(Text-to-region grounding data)
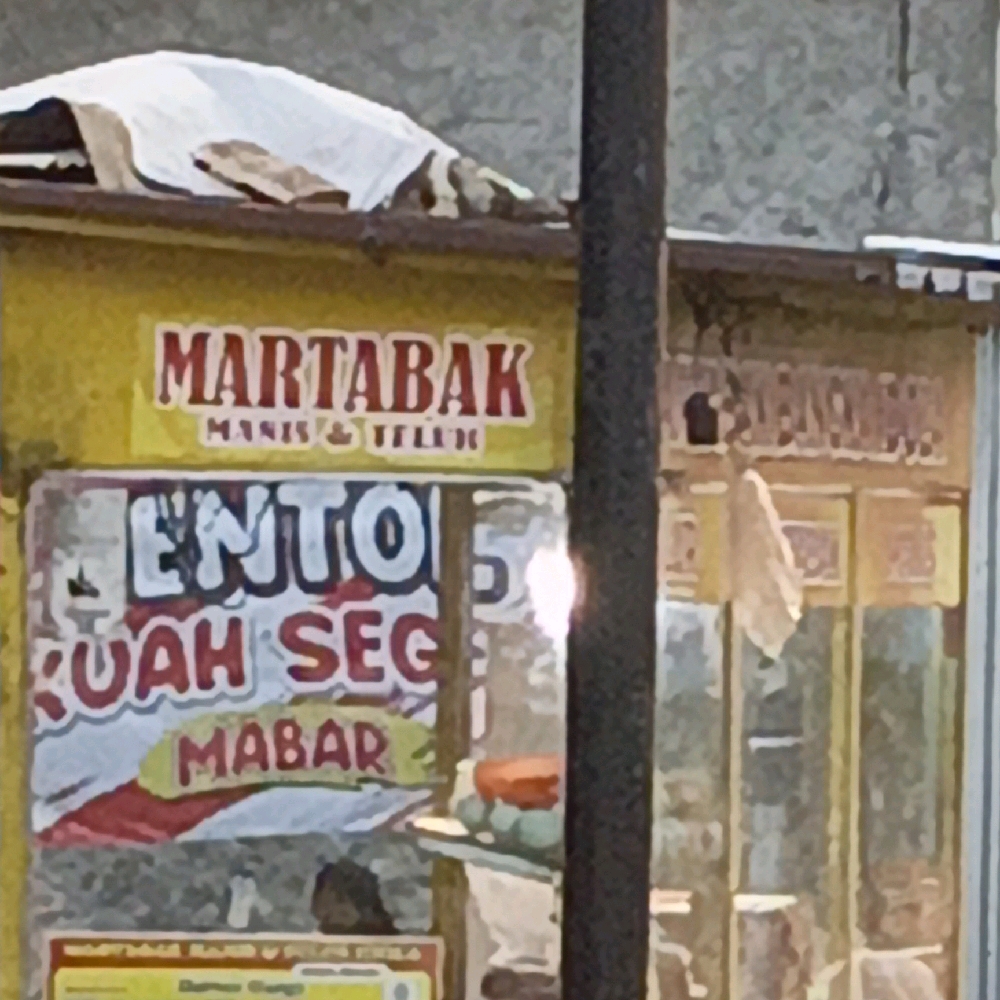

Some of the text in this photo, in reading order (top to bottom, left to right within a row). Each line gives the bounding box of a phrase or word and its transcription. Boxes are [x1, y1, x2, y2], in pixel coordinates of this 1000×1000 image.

[157, 328, 530, 418] MARTABAK
[130, 484, 441, 598] ENTO
[177, 718, 389, 788] MABAR
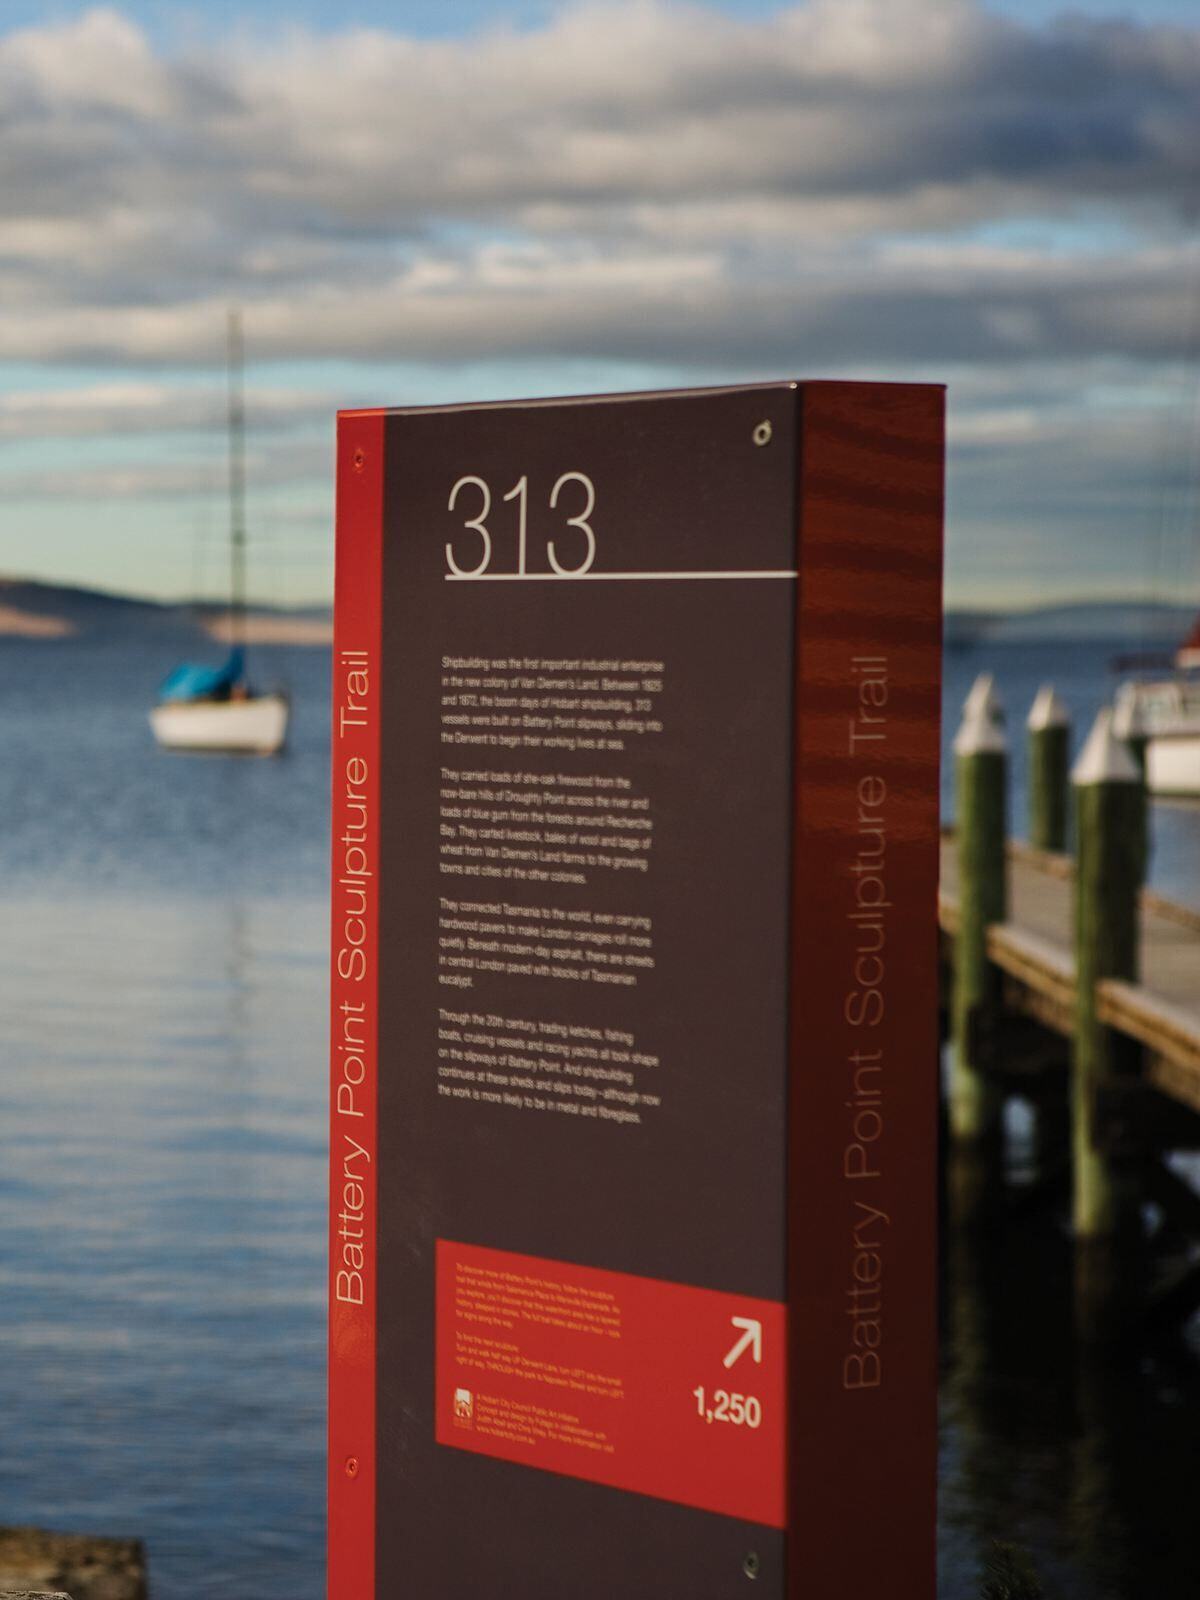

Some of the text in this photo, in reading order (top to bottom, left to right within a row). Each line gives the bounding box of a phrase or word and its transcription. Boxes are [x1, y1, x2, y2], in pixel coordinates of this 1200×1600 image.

◆ WORK ITEM: Copy the data above word for word. Pictures stay out.

◆ ANSWER AREA:
Some of the text in this photo, in reading order (top to bottom, left to right within a row). Each line gives the bounding box of a phrase or word and its transcription. Boxes are [x1, y1, x2, y2], in pixel coordinates of this 1000×1000 image.

[157, 328, 530, 418] MARTABAK
[130, 484, 441, 598] ENTO
[177, 718, 389, 788] MABAR

Some of the text in this photo, in reading order (top to bottom, left to right within a row). Each line gives the bounding box of a phrase or word and its transcription. Boxes are [x1, y1, x2, y2], in pixel coordinates of this 1200×1600 image.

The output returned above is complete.